Steinmeier nennt Dienstwagen-Debatte "scheinheilig": Ulla Schmidt lehnt Rücktritt ab
zuletzt aktualisiert: 18.08.2009 - 19:09Berlin (RPO). Gesundheitsministerin Ulla Schmidt lehnt trotz neuer Vorwürfe in der Dienstwagenaffäre einen Rücktritt ab. SPD-Kanzlerkandidat Frank-Walter Steinmeier stützte Schmidt und wies die Debatte als scheinheilig zurück. Der Chef des Haushaltsausschusses im Bundestag, Otto Fricke (FDP), pocht dennoch auf weitere Ermittlungen.
Unterdessen beteuerte die SPD-Politikerin am Dienstag, sie habe in ihren sechs Spanien-Urlauben seit 2004 zwar immer ihre Dienstlimousine benutzt, aber private und dienstliche Fahrten korrekt getrennt abgerechnet.
Fricke stellte der Ministerin ein Ultimatum und forderte, Schmidt solle bis Ende der Woche alle Fahrten während ihrer Urlaube dem Rechnungshof zu einer neuerlichen Sonderprüfung vorlegen. Sollte sie sich weigern, werde der Ausschuss dies veranlassen, sagte der FDP-Politiker "Bild.de".

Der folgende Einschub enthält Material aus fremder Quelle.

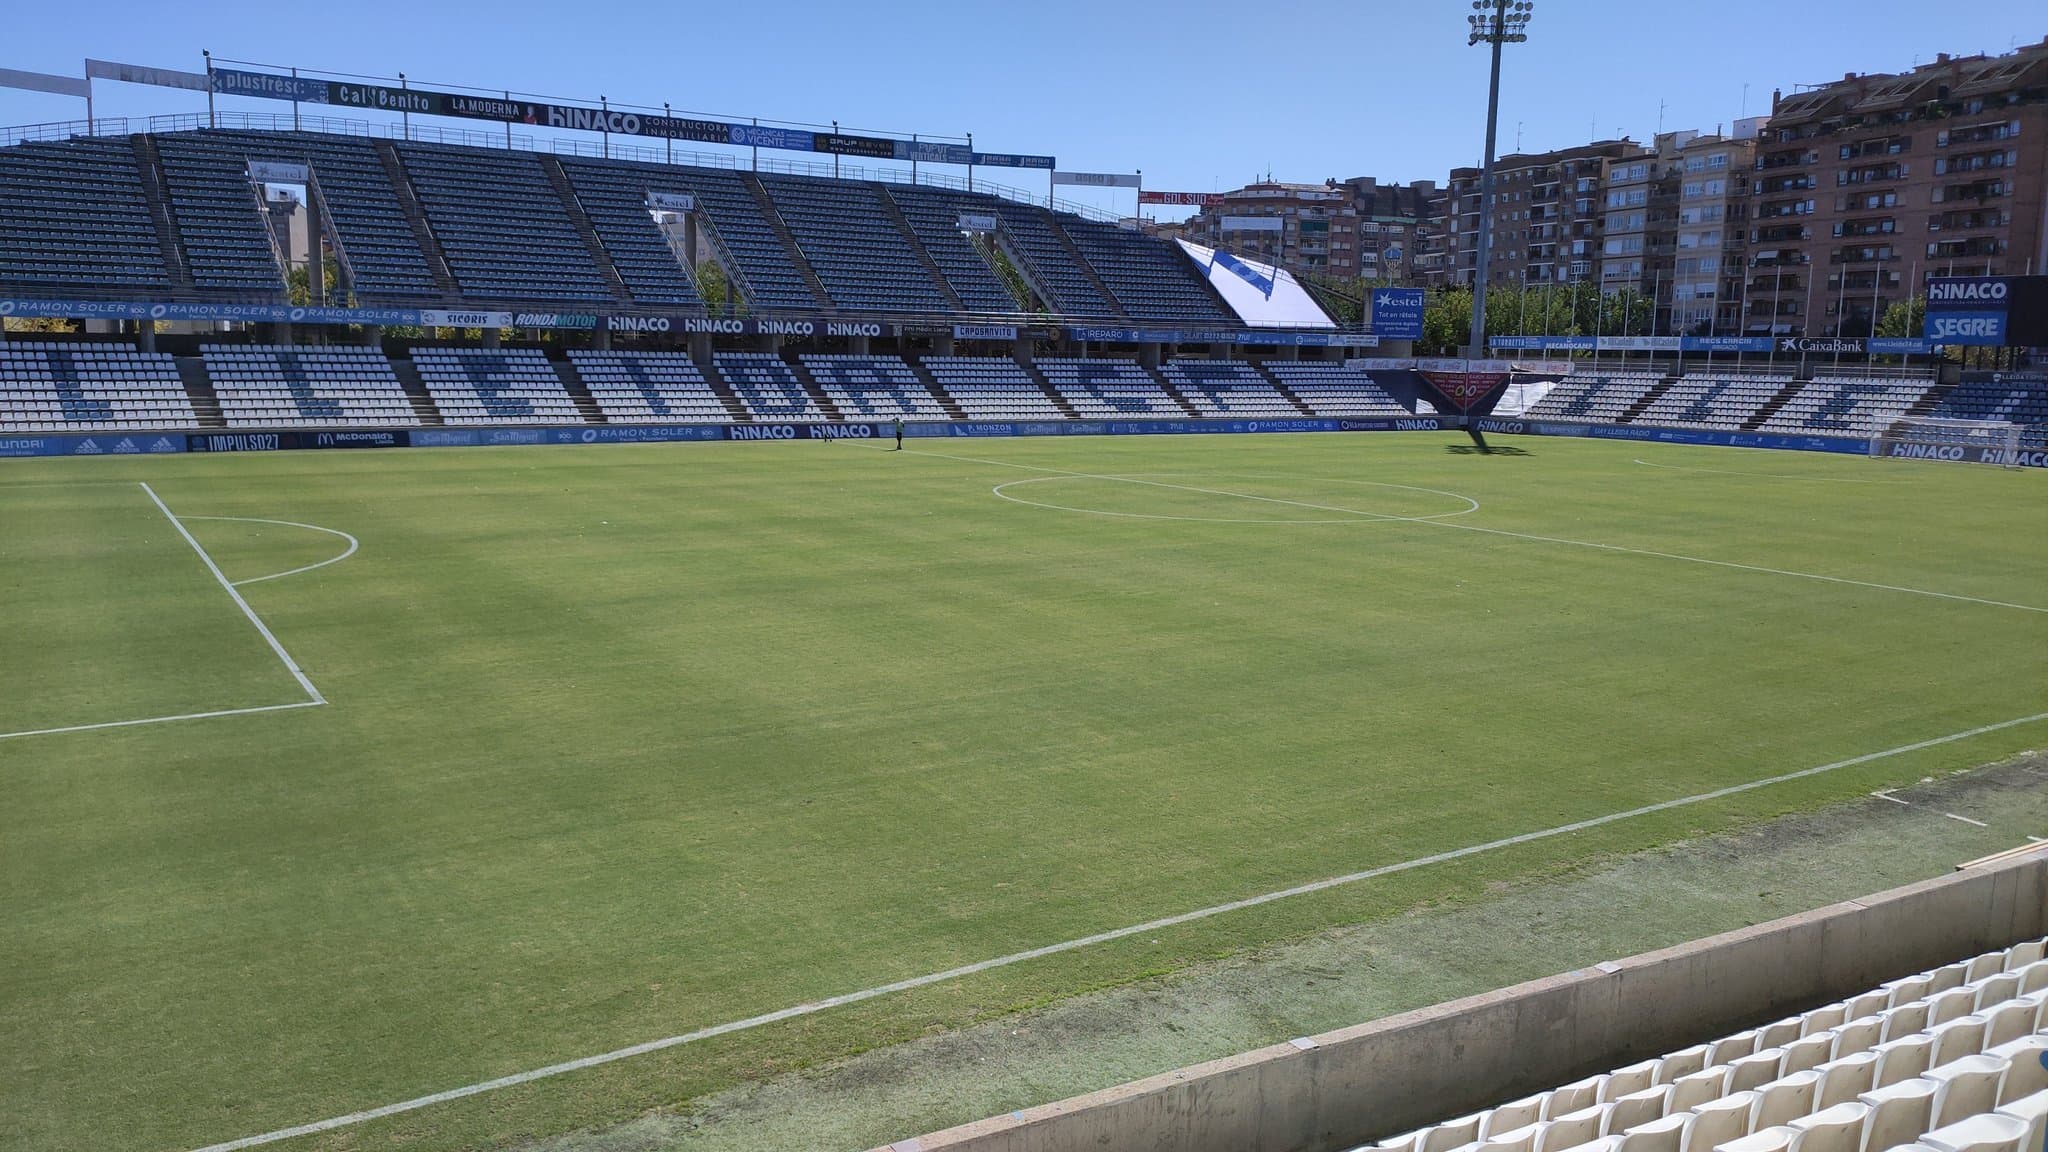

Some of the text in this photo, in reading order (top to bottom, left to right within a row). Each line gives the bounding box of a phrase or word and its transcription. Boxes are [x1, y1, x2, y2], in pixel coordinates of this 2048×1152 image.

Rücktritt: "Das würde denen so passen"
Die 60-jährige Ministerin, die seit 2001 amtiert, sagte in Hannover, ein Rücktritt aus dem Wahlkampfteam von SPD-Kanzlerkandidat Frank-Walter Steinmeier komme nicht in Frage. "Das würde denen so passen, dass niemand mehr im Wahlkampf über Gesundheit redet und sie dann ihre Privatisierungsorgie durchziehen können", sagte sie. Angesichts der "Irritationen" bei den Bürgern regte Schmidt aber eine Änderung der Richtlinien zur Nutzung von Dienstfahrzeugen an.
Ulla Schmidt
Die Aachenerin Ulla Schmidt ist seit 2001 Bundesministerin für Gesundheit. Die Mutter einer Tochter ist damit dienstälteste Ministerin im aktuellen Kabinett. Die studierte Sonderpädagogin arbeitete zuvor an einer Schule für lernbehinderte Kinder. Die 60-Jährige ist trotz der Querelen um die Dienstwagen-Affäre Mitglied im Kompetenzteam von SPD-Kanzlerkandidat Frank-Walter Steinmeier.

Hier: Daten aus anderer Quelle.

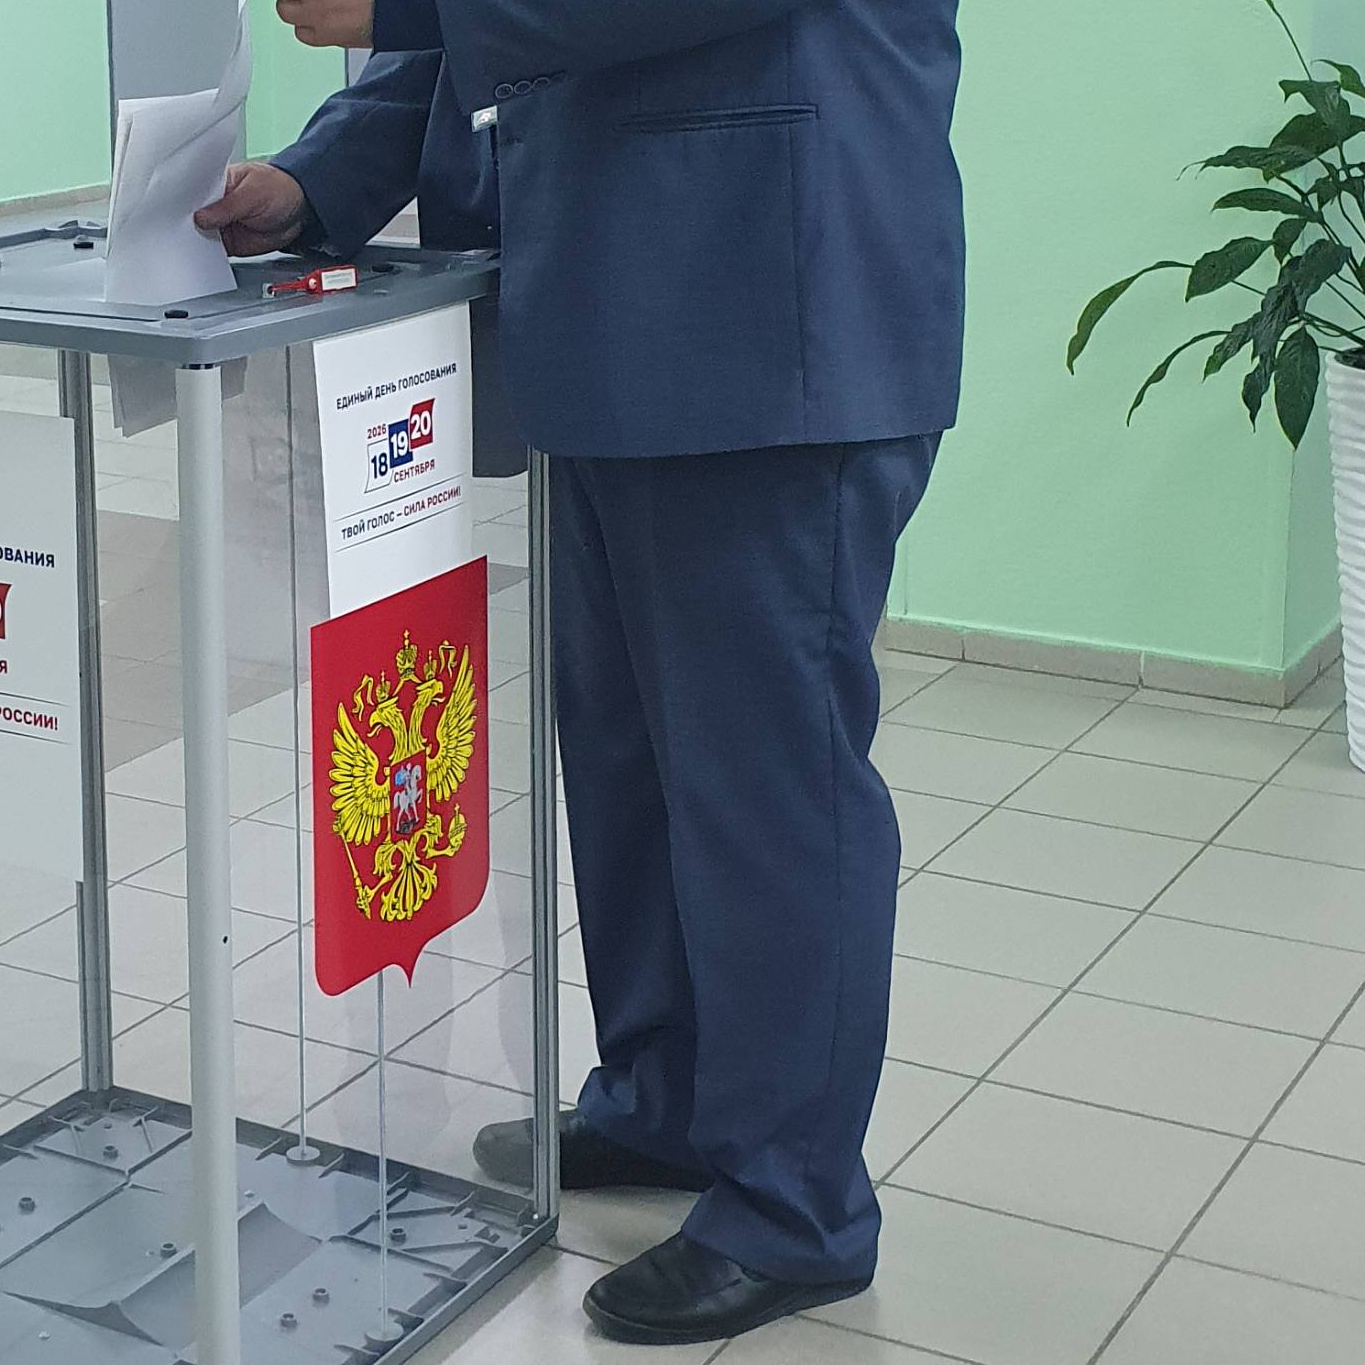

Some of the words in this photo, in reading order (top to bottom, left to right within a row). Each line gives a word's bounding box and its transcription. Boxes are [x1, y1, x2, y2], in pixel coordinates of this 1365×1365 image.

[336, 385, 373, 410] ЕДИНЫЙ
[374, 383, 397, 400] ДЕНЬ
[398, 363, 457, 391] ГОЛОСОВАНИЯ
[367, 423, 387, 439] 2026
[410, 410, 432, 440] 20
[390, 431, 409, 459] 19
[371, 452, 388, 479] 18
[393, 459, 435, 483] СЕНТЯБРЯ
[341, 518, 366, 540] ТВОЙ
[367, 510, 395, 531] ГОЛОС
[403, 498, 426, 518] СИЛА
[427, 485, 461, 509] РОССИИ!

Steinmeier: "Scheinheilige Debatte"
Steinmeier gab Schmidt Rückendeckung. "Ich finde, es ist eine ziemlich scheinheilige Debatte, die da im Augenblick geführt wird. Ich verstehe ja, dass viele ihr parteipolitisches Süppchen da kochen wollen und ein Interesse daran haben, diese Debatte zu verlängern."
Union und FDP erhöhten dennoch den Druck: Der CDU-Politiker Georg Schirmbeck forderte Steinmeier auf, Schmidt aus seinem Wahlkampfteam zu werfen. "Ulla Schmidt hat sich mit ihren nebulösen Erklärungsversuchen politisch um Kopf und Kragen geredet", sagte er der "Neuen Osnabrücker Zeitung".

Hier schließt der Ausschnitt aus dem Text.